Nunca había visto perros que pelearan como lo hacían estas criaturas salvajes, y su primera experiencia le enseñaría una inolvidable lección. Es cierto que no vivió la experiencia en carne propia, pero de haberlo hecho no hubiera sobrevivido para aprenderla. Curly fue la víctima. Acampaban cerca de una cabaña, donde ella, con sus amigables modales, trató de acercarse a un perro husky del tamaño de un lobo adulto, a pesar de que ella era la mitad del tamaño de este. No hubo ninguna advertencia, solo una embestida fulminante, un choque metálico de dientes, un retroceso igualmente veloz, del cual Curly salió con la cara destrozada desde el ojo hasta la mandíbula.

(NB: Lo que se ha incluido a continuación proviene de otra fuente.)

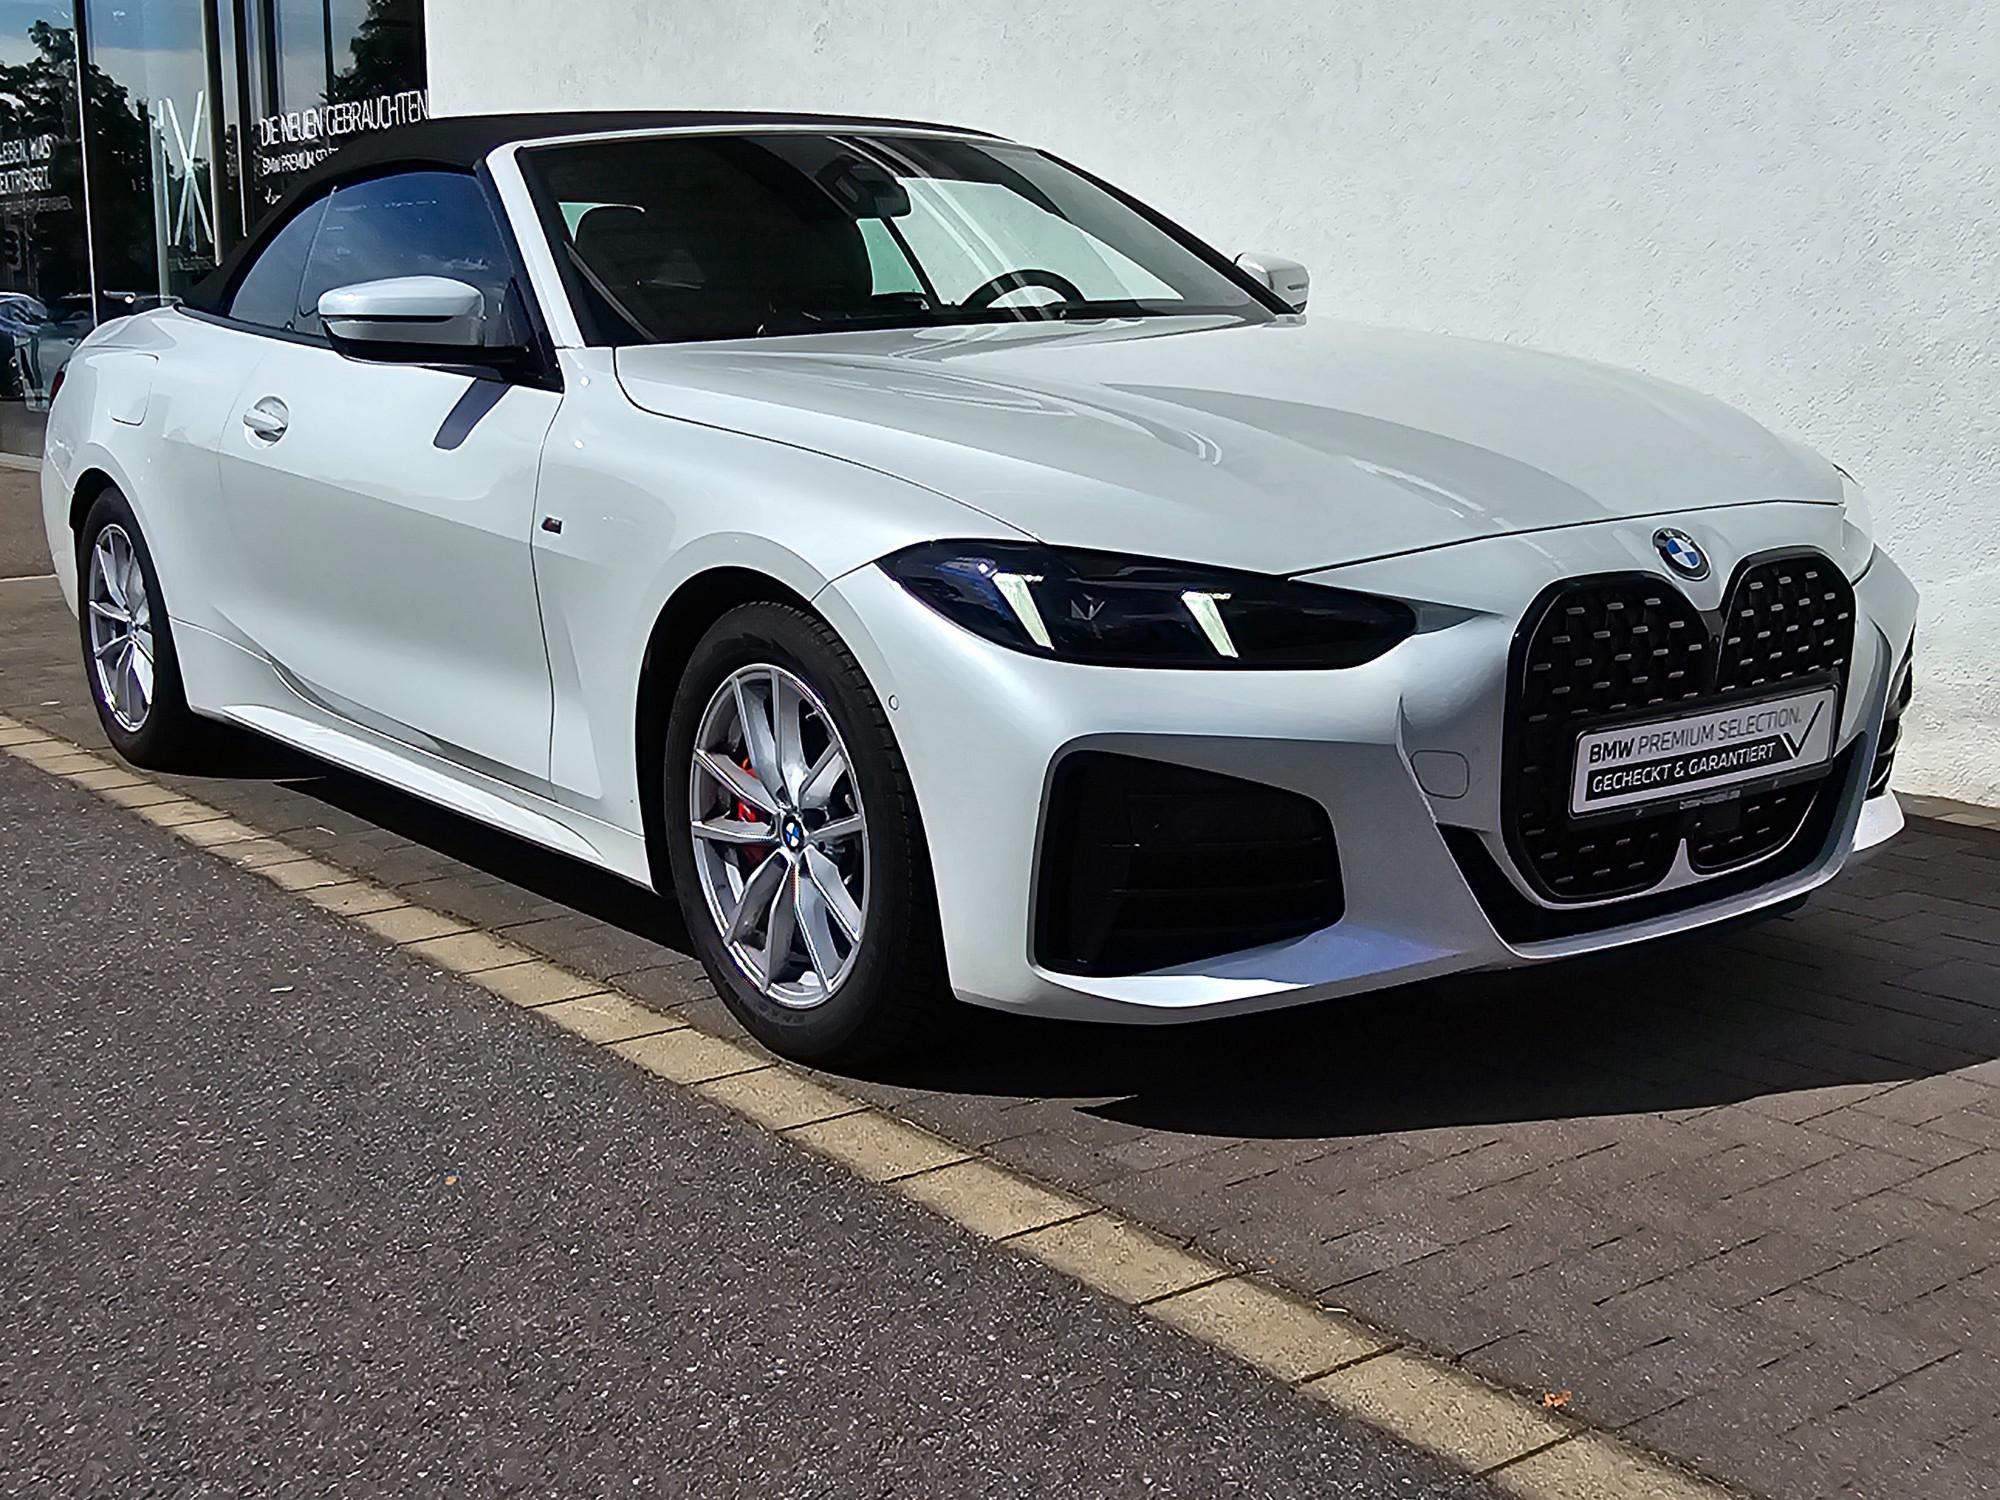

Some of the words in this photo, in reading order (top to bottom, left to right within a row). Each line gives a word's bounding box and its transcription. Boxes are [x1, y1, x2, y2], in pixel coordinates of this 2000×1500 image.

Era la manera de pelear de los lobos: atacar y recular; pero había algo más que eso. Treinta o cuarenta huskies corrieron al lugar y rodearon a los combatientes formando un círculo en un silencio expectante. Buck no comprendió aquel silencio ni la ansiedad con la que se relamían. Curly se abalanzó sobre su enemigo, quien la atacó de nuevo y retrocedió. El husky recibió la siguiente embestida con el pecho, en un peculiar movimiento que le hizo perder a Curly su equilibrio. No volvió a levantarse, y eso era justamente lo que los demás huskies estaban esperado. Se abalanzaron sobre ella, gruñendo y aullando, y Curly, entre aullidos de agonía, quedó se­pultada bajo aquella masa peluda de bestias.

Todo ocurrió tan rápido e inesperado que dejó a Buck desconcertado. Vio a Spitz sacar su lengua escarlata en una sonrisa socarrona y a François blandir un hacha en medio del caos. Tres hombres con garrotes le ayudaron a dispersar a los animales. No pasó mucho tiempo. Dos minutos después de que Curly había caído, ya habían ahuyentado al último de sus asaltantes. Pero ella yacía mustia y sin vida en medio de la nieve ensangrentada y pisoteada, literalmente hecha pedazos, y junto a ella el mestizo maldecía. La escena habría de atormentar a Buck constantemente en sus sueños. Entonces así eran las cosas. No había juego limpio: una vez caías era tu fin. Bueno, pues él no caería. Entonces, Spitz sacó su lengua riendo de nuevo y desde ese momento Buck le profesó un odio amargo e implacable.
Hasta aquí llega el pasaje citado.